--- Material supplied ---
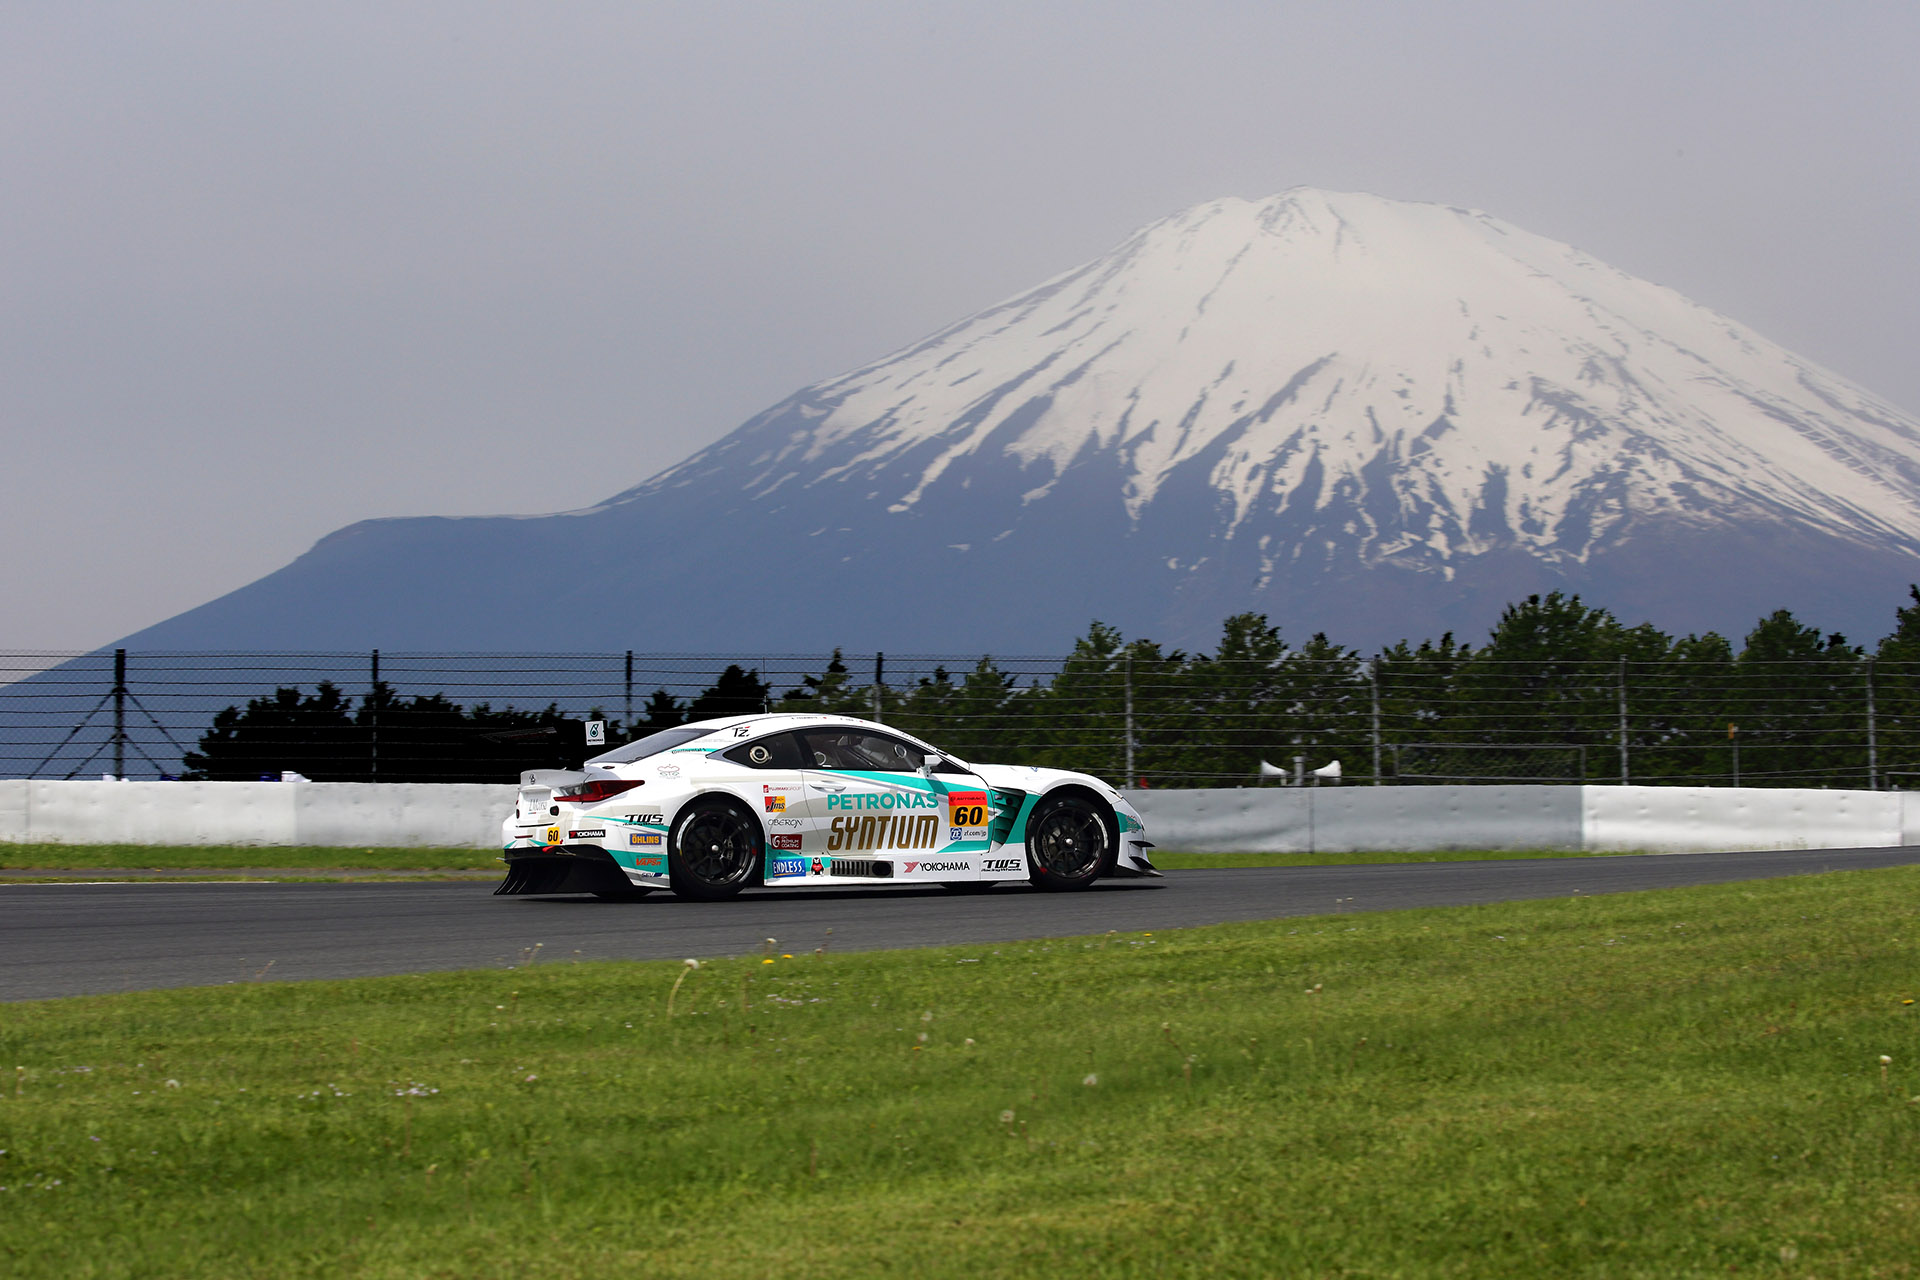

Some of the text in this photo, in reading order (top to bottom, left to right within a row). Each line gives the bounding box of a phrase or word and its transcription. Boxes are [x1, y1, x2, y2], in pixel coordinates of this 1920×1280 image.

[827, 792, 939, 811] PETRONAS
[624, 814, 664, 823] TWS
[954, 806, 983, 826] 60
[547, 830, 559, 842] 60
[827, 815, 940, 851] SYNTIUM
[632, 834, 660, 844] ÖHLINS
[919, 862, 970, 872] YOKOHAMA
[983, 859, 1021, 869] TWS
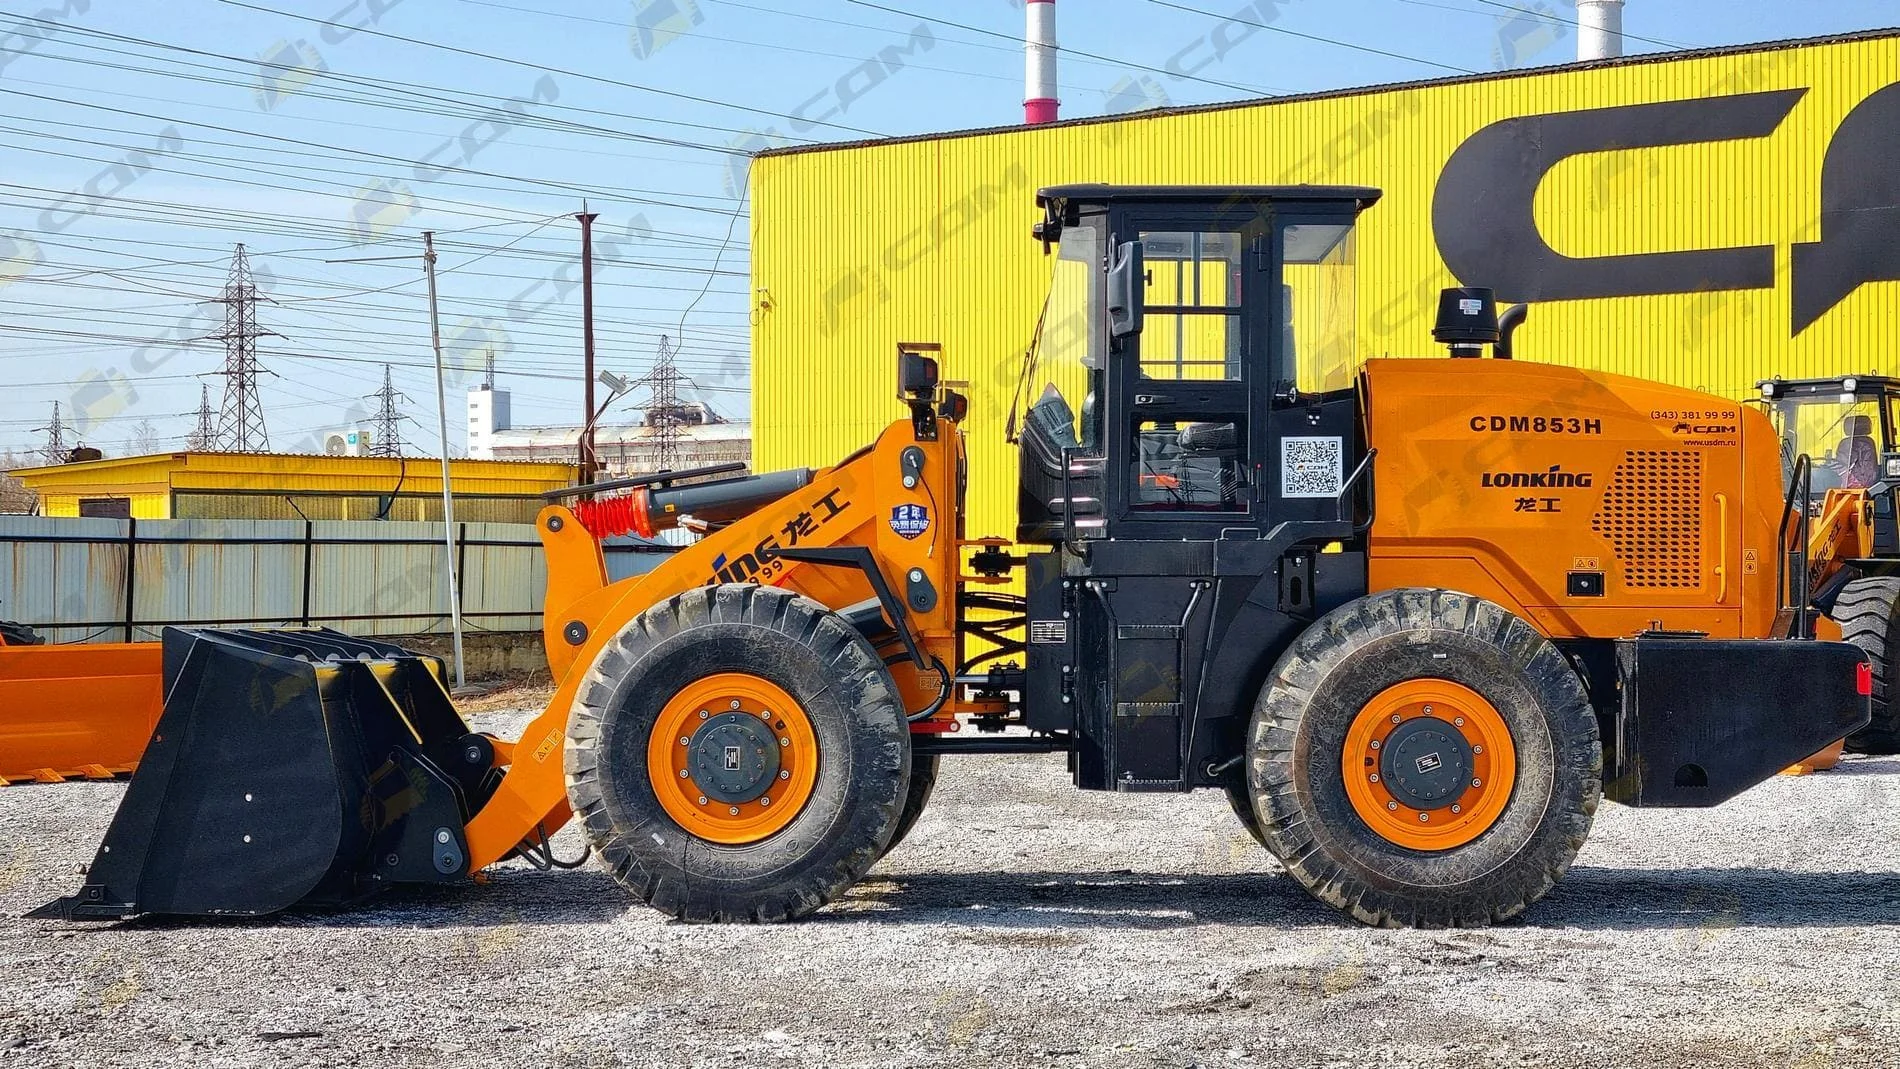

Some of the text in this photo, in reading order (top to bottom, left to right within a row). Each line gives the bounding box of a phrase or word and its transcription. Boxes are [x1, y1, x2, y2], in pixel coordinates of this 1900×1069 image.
---
Goal of the exercise:
Leaving out the pictures, restate the listing above exactly.

Answer area:
Some of the text in this photo, in reading order (top to bottom, left to right within a row). Each line gives the bounding box of a phrase or word and its transcription. Boxes are [x1, y1, x2, y2], in pixel coordinates of this 1920×1280 image.

[827, 792, 939, 811] PETRONAS
[624, 814, 664, 823] TWS
[954, 806, 983, 826] 60
[547, 830, 559, 842] 60
[827, 815, 940, 851] SYNTIUM
[632, 834, 660, 844] ÖHLINS
[919, 862, 970, 872] YOKOHAMA
[983, 859, 1021, 869] TWS

Some of the text in this photo, in reading order (top to bottom, left to right within a row). Each line gives the bounding box of a phrase or word and its transcription. Boxes are [x1, y1, x2, y2], in pixel coordinates of this 1900×1069 image.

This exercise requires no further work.